龍水と俺は又、昨晩と同じような行動をし、彼が迎えたくないという夜を迎えた。
 龍水は昨日と同じように又、部屋の片隅で、煙草を吹かしながら、暗い夜を漂っているようだった。(あいつの心が叫んでいるのだろうか?)多分『密』のことを夢で見ては、又、眠れない時間を繰り返しているのだろう。

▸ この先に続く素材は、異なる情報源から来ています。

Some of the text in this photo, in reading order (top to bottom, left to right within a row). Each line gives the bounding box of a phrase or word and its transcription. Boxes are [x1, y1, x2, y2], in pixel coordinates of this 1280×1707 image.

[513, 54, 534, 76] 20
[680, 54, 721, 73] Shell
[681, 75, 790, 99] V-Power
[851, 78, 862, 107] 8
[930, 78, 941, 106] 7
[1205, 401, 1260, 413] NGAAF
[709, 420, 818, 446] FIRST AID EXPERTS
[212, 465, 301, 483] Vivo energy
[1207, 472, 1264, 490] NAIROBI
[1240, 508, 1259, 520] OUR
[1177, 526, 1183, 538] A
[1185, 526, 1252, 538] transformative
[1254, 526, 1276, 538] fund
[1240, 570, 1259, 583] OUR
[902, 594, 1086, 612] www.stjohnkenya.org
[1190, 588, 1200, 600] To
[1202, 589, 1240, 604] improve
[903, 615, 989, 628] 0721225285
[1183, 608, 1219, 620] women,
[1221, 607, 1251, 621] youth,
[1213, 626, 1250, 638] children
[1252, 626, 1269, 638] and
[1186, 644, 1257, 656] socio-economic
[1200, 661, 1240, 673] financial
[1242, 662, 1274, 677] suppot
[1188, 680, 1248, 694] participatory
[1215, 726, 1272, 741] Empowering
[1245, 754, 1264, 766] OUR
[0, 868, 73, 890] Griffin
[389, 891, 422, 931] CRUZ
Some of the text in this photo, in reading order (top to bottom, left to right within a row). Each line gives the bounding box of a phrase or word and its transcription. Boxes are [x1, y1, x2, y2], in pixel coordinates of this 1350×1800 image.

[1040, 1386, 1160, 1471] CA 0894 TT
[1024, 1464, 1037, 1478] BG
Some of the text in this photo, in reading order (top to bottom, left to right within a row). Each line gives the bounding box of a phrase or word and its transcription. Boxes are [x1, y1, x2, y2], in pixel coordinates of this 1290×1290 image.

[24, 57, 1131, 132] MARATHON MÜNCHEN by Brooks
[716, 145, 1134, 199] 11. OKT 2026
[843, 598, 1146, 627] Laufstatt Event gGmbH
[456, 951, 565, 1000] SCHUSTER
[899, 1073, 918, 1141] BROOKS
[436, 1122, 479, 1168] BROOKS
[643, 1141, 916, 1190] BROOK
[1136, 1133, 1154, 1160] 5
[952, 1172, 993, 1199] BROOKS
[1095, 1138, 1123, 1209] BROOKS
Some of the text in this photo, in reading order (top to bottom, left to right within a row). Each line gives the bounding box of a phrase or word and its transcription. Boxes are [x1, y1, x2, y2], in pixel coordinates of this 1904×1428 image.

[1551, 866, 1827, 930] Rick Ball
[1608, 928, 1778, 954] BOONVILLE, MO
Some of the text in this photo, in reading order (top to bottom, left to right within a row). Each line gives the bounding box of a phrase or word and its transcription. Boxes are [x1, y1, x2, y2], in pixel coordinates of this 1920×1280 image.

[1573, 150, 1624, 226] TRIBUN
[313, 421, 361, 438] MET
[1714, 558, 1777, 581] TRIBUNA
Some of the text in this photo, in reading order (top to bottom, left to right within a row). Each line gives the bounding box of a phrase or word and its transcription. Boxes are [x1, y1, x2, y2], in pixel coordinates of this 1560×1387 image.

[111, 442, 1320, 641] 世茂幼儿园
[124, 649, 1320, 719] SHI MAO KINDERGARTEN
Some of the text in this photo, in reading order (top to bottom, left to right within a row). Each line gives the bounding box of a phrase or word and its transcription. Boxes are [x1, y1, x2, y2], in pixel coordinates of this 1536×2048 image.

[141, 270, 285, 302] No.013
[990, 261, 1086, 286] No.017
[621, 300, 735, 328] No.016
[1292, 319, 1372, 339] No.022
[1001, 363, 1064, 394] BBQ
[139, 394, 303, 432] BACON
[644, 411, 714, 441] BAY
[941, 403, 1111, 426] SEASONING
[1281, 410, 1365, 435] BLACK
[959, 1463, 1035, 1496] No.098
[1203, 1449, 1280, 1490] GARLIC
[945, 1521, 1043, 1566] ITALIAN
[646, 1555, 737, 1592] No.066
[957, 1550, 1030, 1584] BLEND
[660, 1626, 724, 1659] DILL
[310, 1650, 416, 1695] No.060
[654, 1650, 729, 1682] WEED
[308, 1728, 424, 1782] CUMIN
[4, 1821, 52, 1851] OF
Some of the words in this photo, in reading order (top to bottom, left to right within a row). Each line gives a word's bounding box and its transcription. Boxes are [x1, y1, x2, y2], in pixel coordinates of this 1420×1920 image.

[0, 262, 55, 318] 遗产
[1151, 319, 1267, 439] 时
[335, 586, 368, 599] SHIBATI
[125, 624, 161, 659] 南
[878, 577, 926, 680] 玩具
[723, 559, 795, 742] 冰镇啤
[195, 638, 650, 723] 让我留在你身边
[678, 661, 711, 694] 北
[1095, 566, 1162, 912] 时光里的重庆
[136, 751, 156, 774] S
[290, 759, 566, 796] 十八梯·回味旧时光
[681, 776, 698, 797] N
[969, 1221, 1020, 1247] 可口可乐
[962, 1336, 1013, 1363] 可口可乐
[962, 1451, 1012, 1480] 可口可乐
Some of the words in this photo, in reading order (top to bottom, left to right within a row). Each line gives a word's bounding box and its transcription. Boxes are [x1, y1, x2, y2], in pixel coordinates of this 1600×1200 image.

 俺には、彼を慰める手段を持ってはいなかった。何かを探そうと試みるも、彼が一番喜ぶものを俺は持っていないことに、胸が痛んだ。『愛してくれたら、何も要らない』そう言っていた龍水。そこまで、あいつが思いつめる相手は一体誰だろう?
そして、俺ではなかった。
あたり前だ、わかっていた事だったが、今更のように、思ってしまう。多分俺は、何処か付け入る隙が有るのではないかと、画策しているのだろう。きっと、無意識の内に……。俺でなかったのなら仕方がない、もっと早くに会っていれば状況が変わっていたかも。はははは……、馬鹿馬鹿しい!!
(龍水……俺だって眠れないんだぜ。わかってんのかよ? ……まっ、いいけどよ、俺はさ)
明日『密』は来るのだろうか?
龍水は電話で何を伝えたのだろう?
俺も龍水と同様、眠れない一夜を過ごした。